## LLaMA 2 指令微调（Alpaca-Style on Dolly-15K Dataset)

示例代码关键训练要素：
- 使用 Dolly-15K 数据集，以 Alpaca 指令风格生成训练数据
- 以 4-bit（NF4）量化精度加载 `LLaMA 2-7B` 模型
- 使用 QLoRA 以 `bf16` 混合精度训练模型
- 使用 `HuggingFace TRL` 的 `SFTTrainer` 实现监督指令微调
- 使用 Flash Attention 快速注意力机制加速训练（需硬件支持）

### 下载 databricks-dolly-15k 数据集

In [1]:
from datasets import load_dataset
from random import randrange
 
# 从hub加载数据集
dataset = load_dataset("databricks/databricks-dolly-15k", split="train")

  from .autonotebook import tqdm as notebook_tqdm


In [2]:
# 数据集样例总数: 15011
dataset

Dataset({
    features: ['instruction', 'context', 'response', 'category'],
    num_rows: 15011
})

In [3]:
# 随机抽选一个数据样例打印
print(dataset[randrange(len(dataset))])

{'instruction': 'How is Tesla organized as a company?', 'context': '', 'response': 'Tesla has a functional organizational structure that is flat as well. Tesla’s organizational structure is designed in a way that is easy to manage and built for maximum efficiency. Tesla can still be considered as a startup in the automotive industry as its competitors are typically 75+ years old.
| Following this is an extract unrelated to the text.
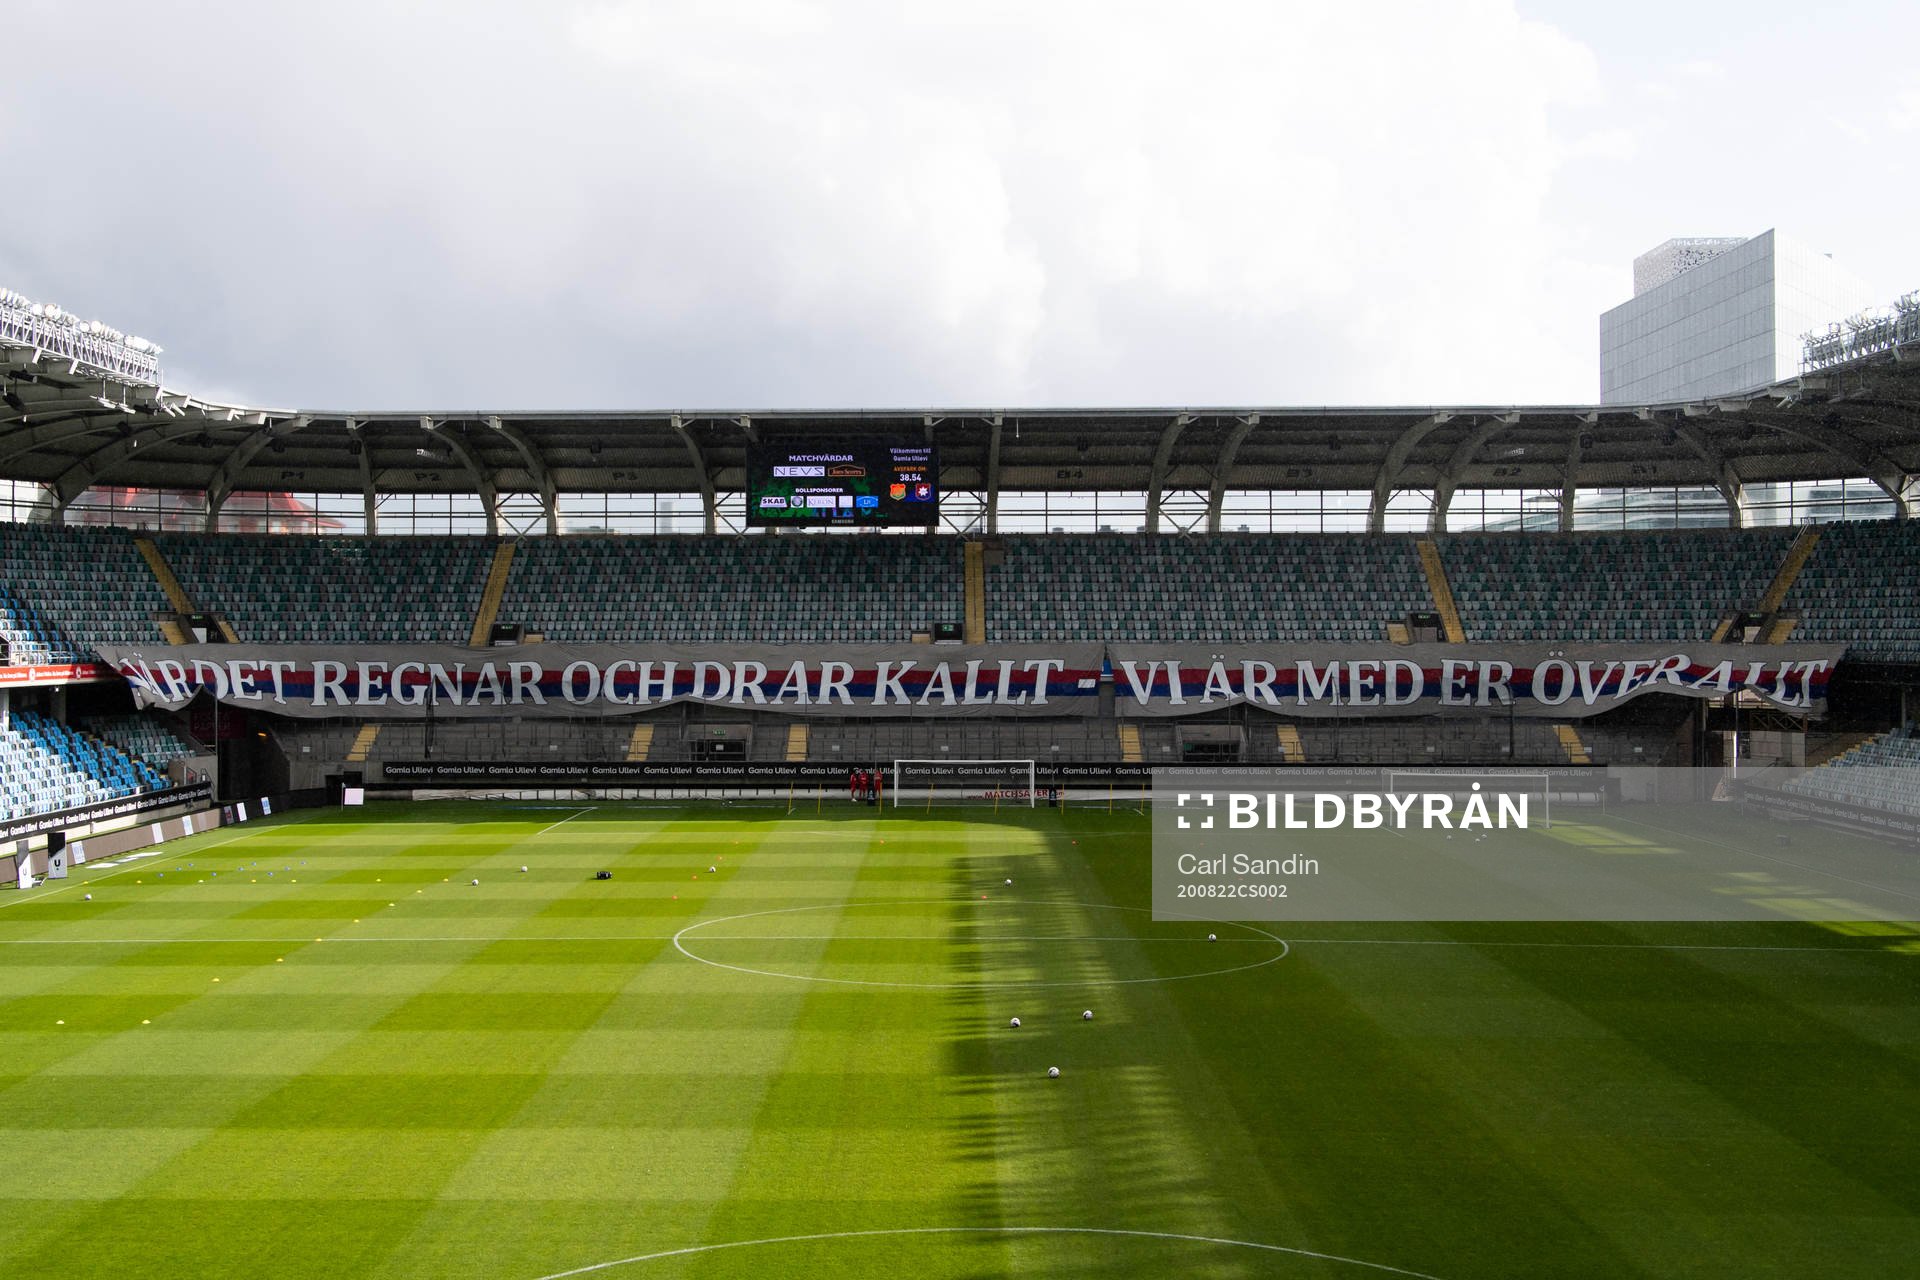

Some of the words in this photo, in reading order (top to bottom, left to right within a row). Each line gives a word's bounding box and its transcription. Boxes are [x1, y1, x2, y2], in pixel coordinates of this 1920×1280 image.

As a startup, Tesla is designed for efficiency, to begin with as it must be easier to group and manage similar tasks. \n\n \n\nSome of the key functional groups of Tesla is as below: \n\n \n\nMaterials Engineering \n\nArtificial Intelligence for Auto Pilot \n\nHardware design engineering \n\nEnergy operations \n\nGlobal communications \n\nGlobal Environment health and safety \n\nGlobal security \n\nChief of staff \n\nInformation operations \n\n \n\nAll the functional groups report to the CEO and Tesla has a heavy flat organization structure. Materials engineering is responsible for material research and develo

### 以 Alpaca-Style 格式化指令数据

`Alpacca-style` 格式：https://github.com/tatsu-lab/stanford_alpaca#data-release

In [4]:
def format_instruction(sample_data):
    """
    Formats the given data into a structured instruction format.

    Parameters:
    sample_data (dict): A dictionary containing 'response' and 'instruction' keys.

    Returns:
    str: A formatted string containing the instruction, input, and response.
    """
    # Check if required keys exist in the sample_data
    if 'response' not in sample_data or 'instruction' not in sample_data:
        # Handle the error or return a default message
        return "Error: 'response' or 'instruction' key missing in the input data."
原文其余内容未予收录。